It was with shock and great sadness that staff at the Journal Argus learned of the passing on Thursday of St. Marys Independent newspaper reporter Dan Rankin. Dan worked here for a few months at the beginning of this decade, prior to commencing his post-graduate degree in Journalism at Western University in London.
It wasn’t so much the fact some of us had worked with him, though, that pulled at our heartstrings. Like so many in this community who had come to know him — or who simply had known him all their lives; he was, after all, born and raised here — we felt such pain for his family and close friends. It is a great tragedy that, at 29, he was taken from us.
Why, though, would this newspaper treat Dan’s passing differently — with a tribute of this prominence, on the Editorial page — than similar tragedies we have endured over the years? I think of the single-vehicle crash near Motherwell that took the lives of not one but two young born-and-raised St. Marys residents just last summer. At that time, this newspaper made brief mention of the fatalities and relayed the information that had been provided to us by the Ontario Provincial Police about the collision.
But I distinctly recall the decision at that time that, although we felt compelled to offer some sort of support for the families in print, it would be better to let the families grieve in private and try not to cause them to relive details due to the newspaper feeling they just had to get every detail into the story. People in the community who knew the families already knew who had been killed in that accident. If they didn’t know the families, there was no need for them to learn of the identities through the newspaper.
With Dan’s death though, a different decision has been made. His name was put on the front page of this newspaper, under the headline “Crash claims life of reporter.” And I write in tribute here.
Staff members from the Journal Argus, if they felt comfortable doing so, have already paid respects to Dan’s family and friends. As with the crash last summer, there was no strong compulsion to do so in print, though our grief and good wishes are surely sincere.
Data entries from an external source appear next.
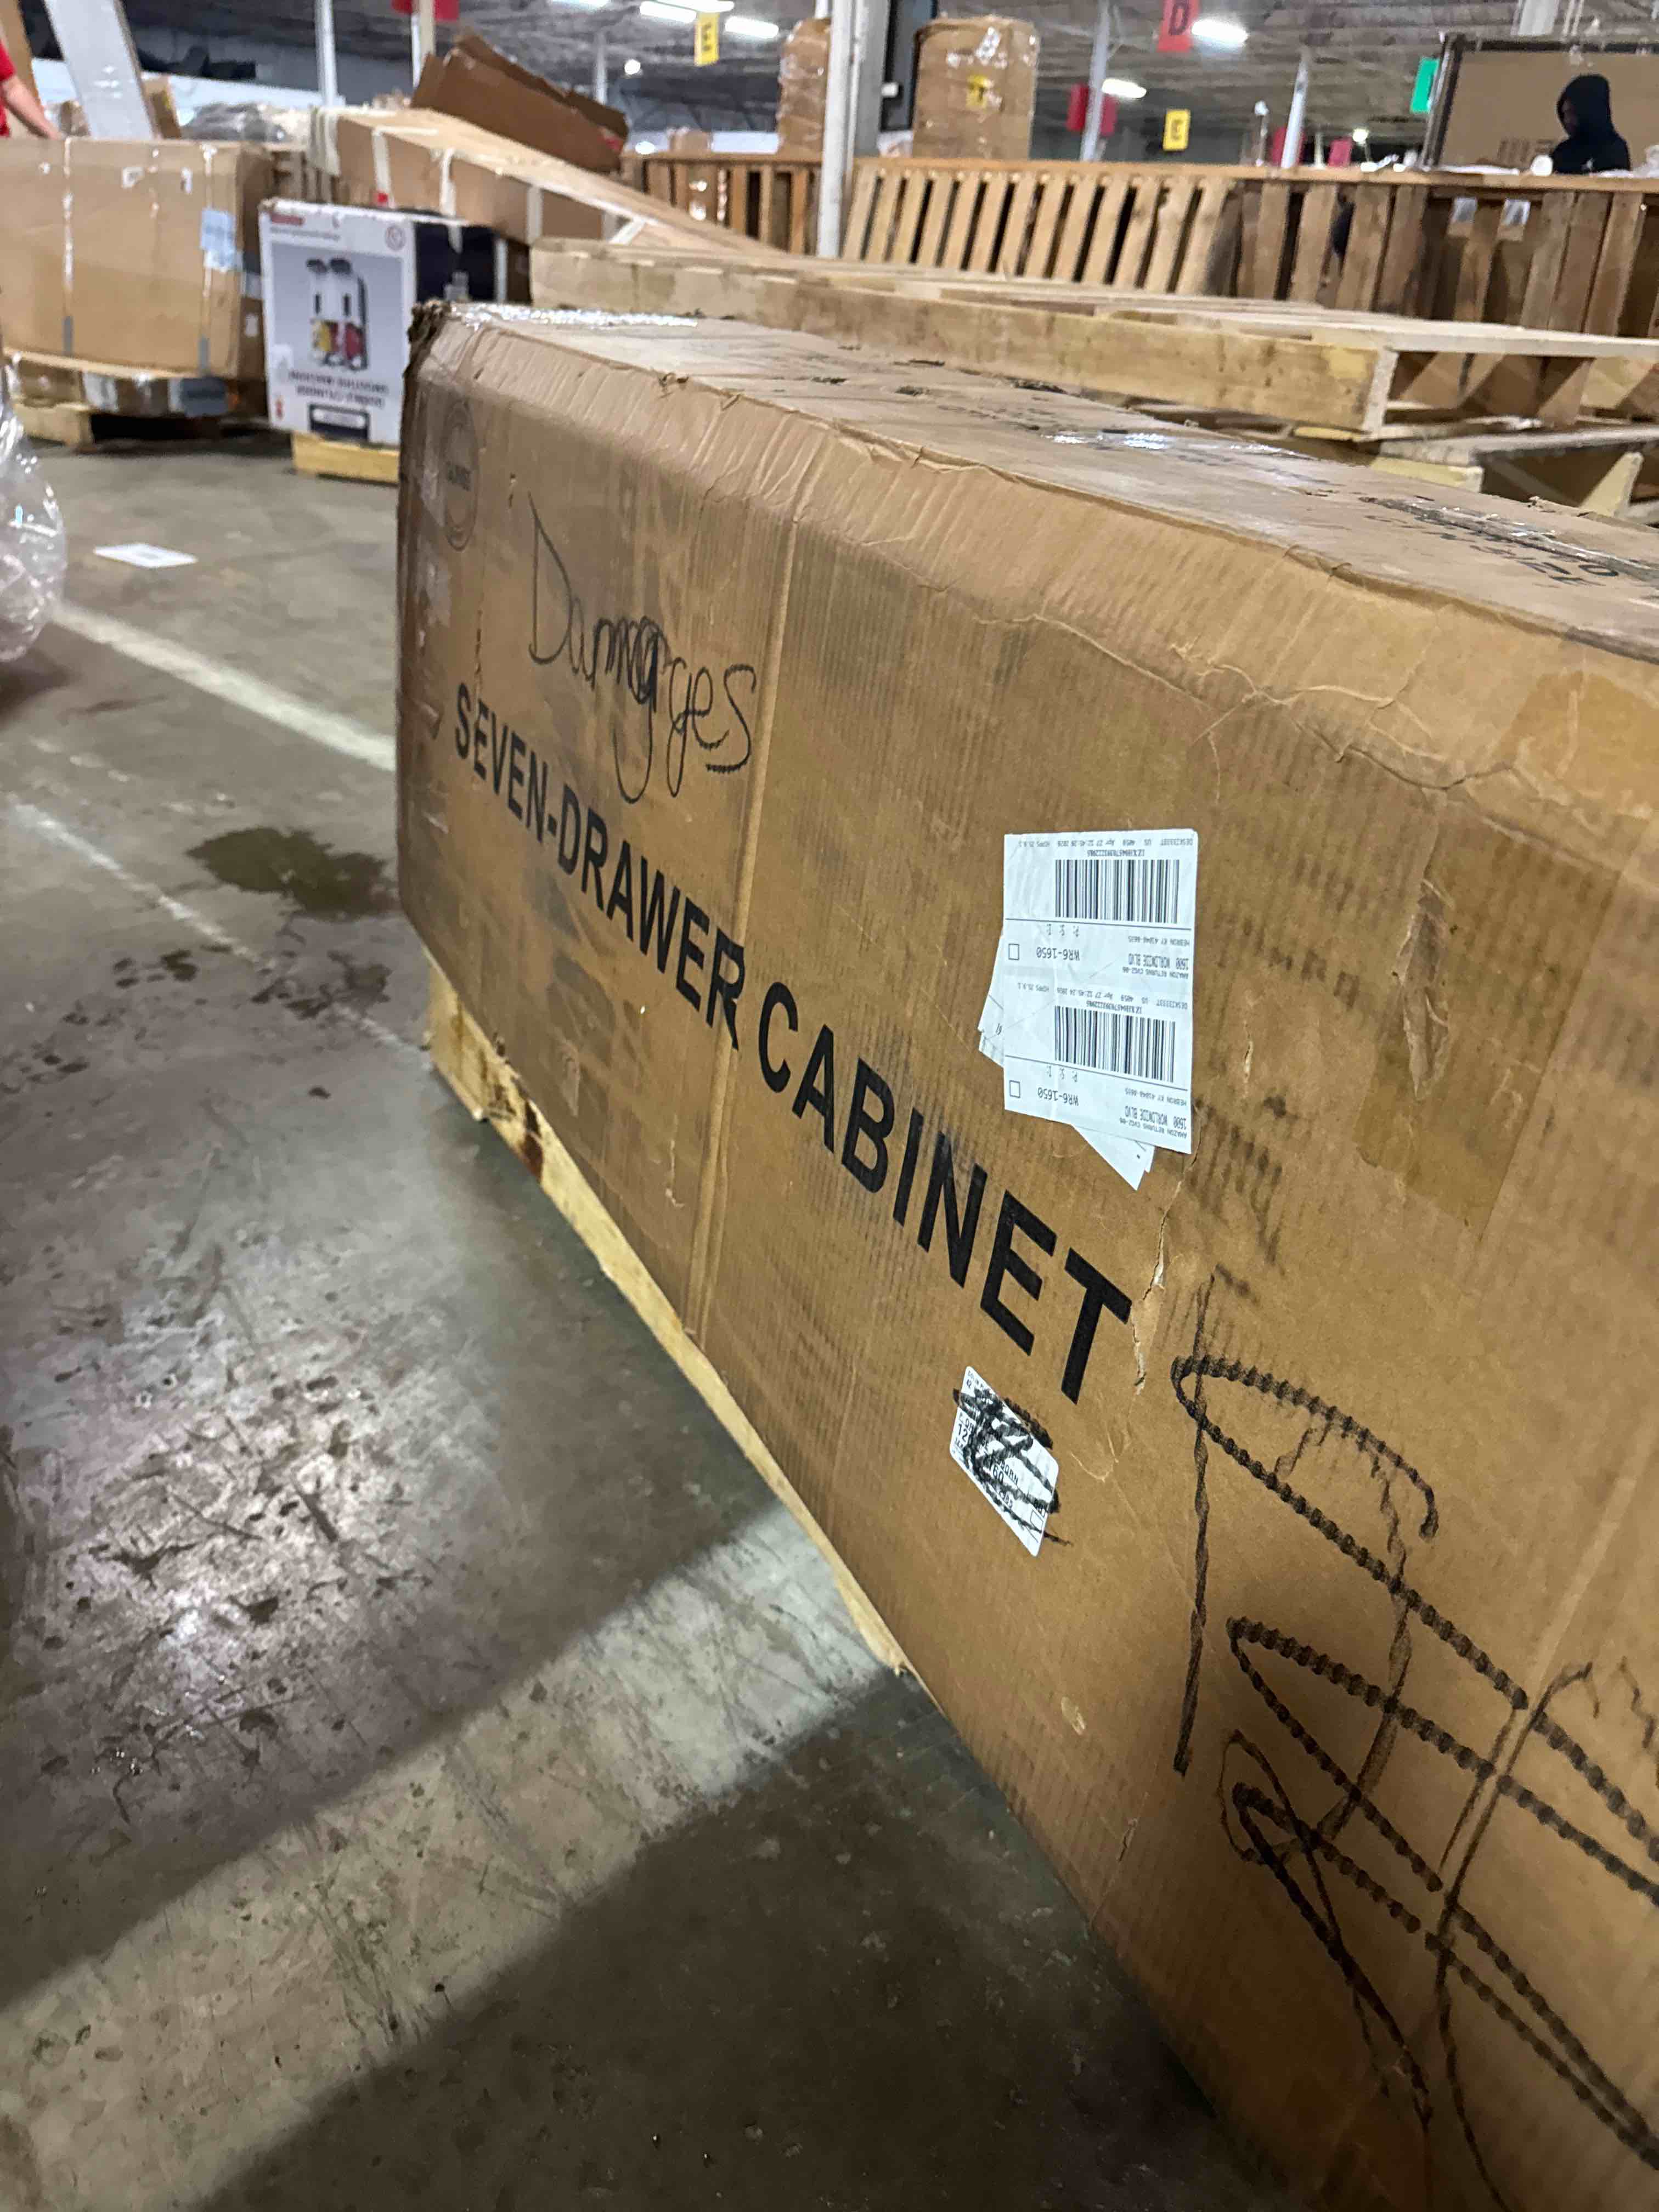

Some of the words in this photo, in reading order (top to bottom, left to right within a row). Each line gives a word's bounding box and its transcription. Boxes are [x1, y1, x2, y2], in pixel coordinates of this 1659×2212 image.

[1169, 0, 1189, 36] D
[1036, 946, 1080, 961] WR6-1650
[1127, 953, 1141, 966] BLVD
[1142, 955, 1170, 968] WORLDWIDE
[1176, 957, 1189, 970] 1600
[1145, 968, 1167, 978] RETURNS
[1169, 971, 1189, 980] AMAZON
[455, 682, 745, 1049] SEVEN-DRAWER
[759, 982, 1132, 1404] CABINET
[1037, 1087, 1079, 1107] WR6-1650
[1125, 1105, 1137, 1119] BLVD
[1139, 1109, 1168, 1126] WORLDWIDE
[1143, 1122, 1165, 1136] RETURNS
[1173, 1115, 1187, 1130] 1600
[1166, 1128, 1188, 1139] AMAZON
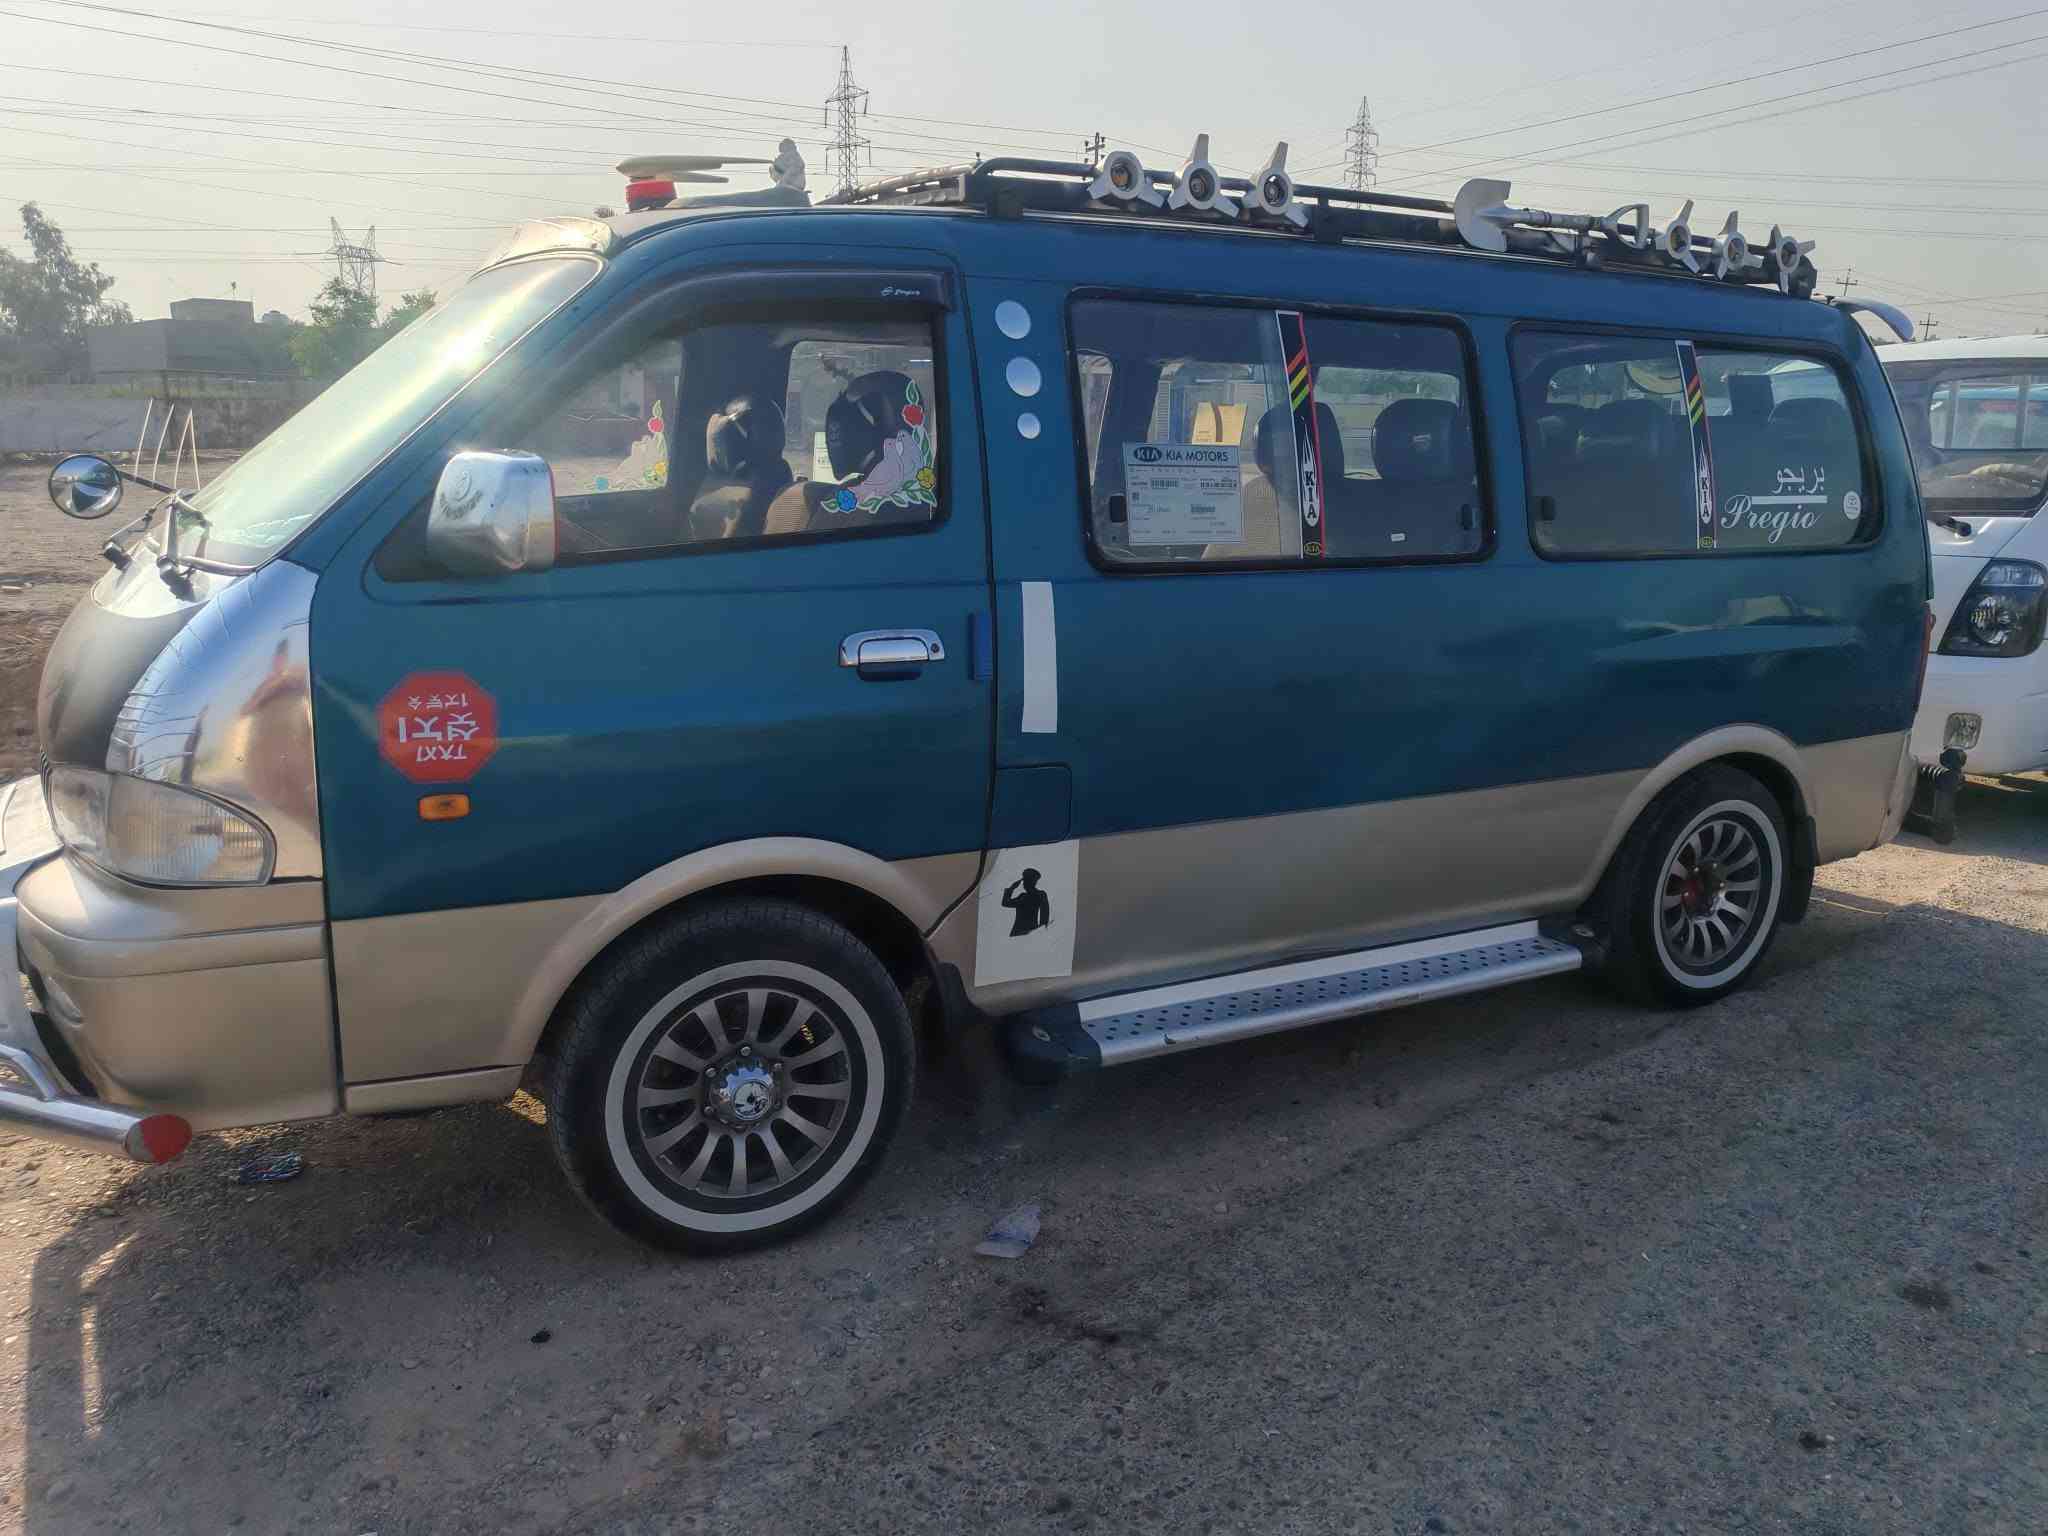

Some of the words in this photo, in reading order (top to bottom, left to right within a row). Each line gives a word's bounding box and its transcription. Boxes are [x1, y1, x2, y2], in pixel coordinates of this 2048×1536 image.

[1135, 447, 1161, 461] KIA
[1166, 450, 1183, 461] KIA
[1186, 451, 1229, 462] MOTORS
[1305, 471, 1317, 518] KIA
[1701, 477, 1710, 517] KIA
[1720, 494, 1822, 544] Pregio
[416, 743, 468, 762] TAXI
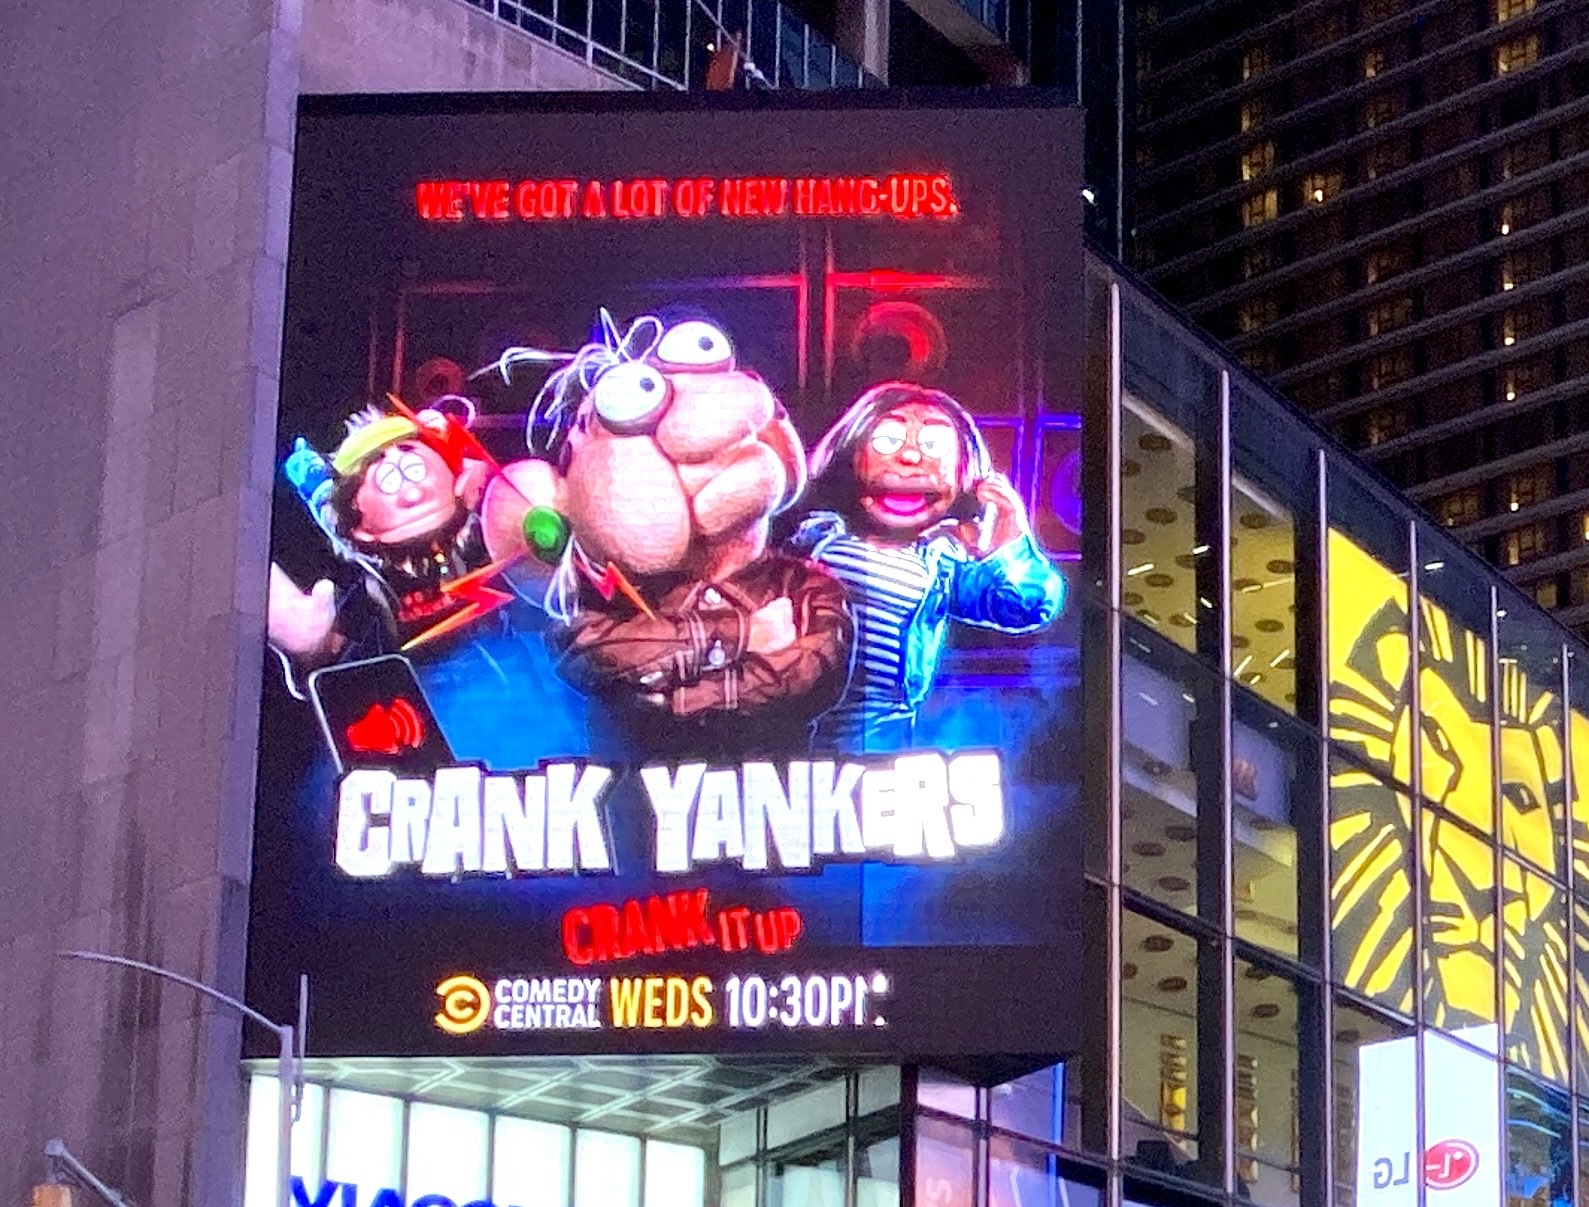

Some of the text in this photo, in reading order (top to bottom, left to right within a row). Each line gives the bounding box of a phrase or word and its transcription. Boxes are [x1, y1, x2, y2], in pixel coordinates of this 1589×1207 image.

[417, 181, 509, 219] WE'VE
[515, 181, 578, 218] GOT
[581, 182, 607, 217] A
[612, 181, 667, 218] LOT
[675, 180, 714, 217] OF
[719, 178, 788, 217] NEW
[335, 751, 1004, 877] CRANK YANKERS
[561, 887, 803, 966] CRANK IT UP
[494, 978, 601, 1003] COMEDY
[609, 976, 714, 1028] WEDS
[494, 1003, 601, 1028] CENTRAL
What compels this tribute, though, is the very real possibility that it could have been me. Those among us who are called on a daily basis to attend events, take photos, report on proceedings are reminded how everything can change in the blink of an eye. How fragile we are.
Dan was doing his job, as we do here — en route to South Perth Centennial School to take photos of the students’ Christmas concert. It is almost unfathomable to think that those students and parents and teachers smiled and sang with joy as such horror unfolded not far from the school’s door.
Plus, this is where Dan lived, and breathed. His story was unfolding through the stories of others, in black and white on newsprint. So he deserves a tribute here.
Please stay safe over this holiday season, and keep close in your minds those among us who are grieving. A New Year brings new hope, and to the Rankin family I pray you may find some with the passage of time.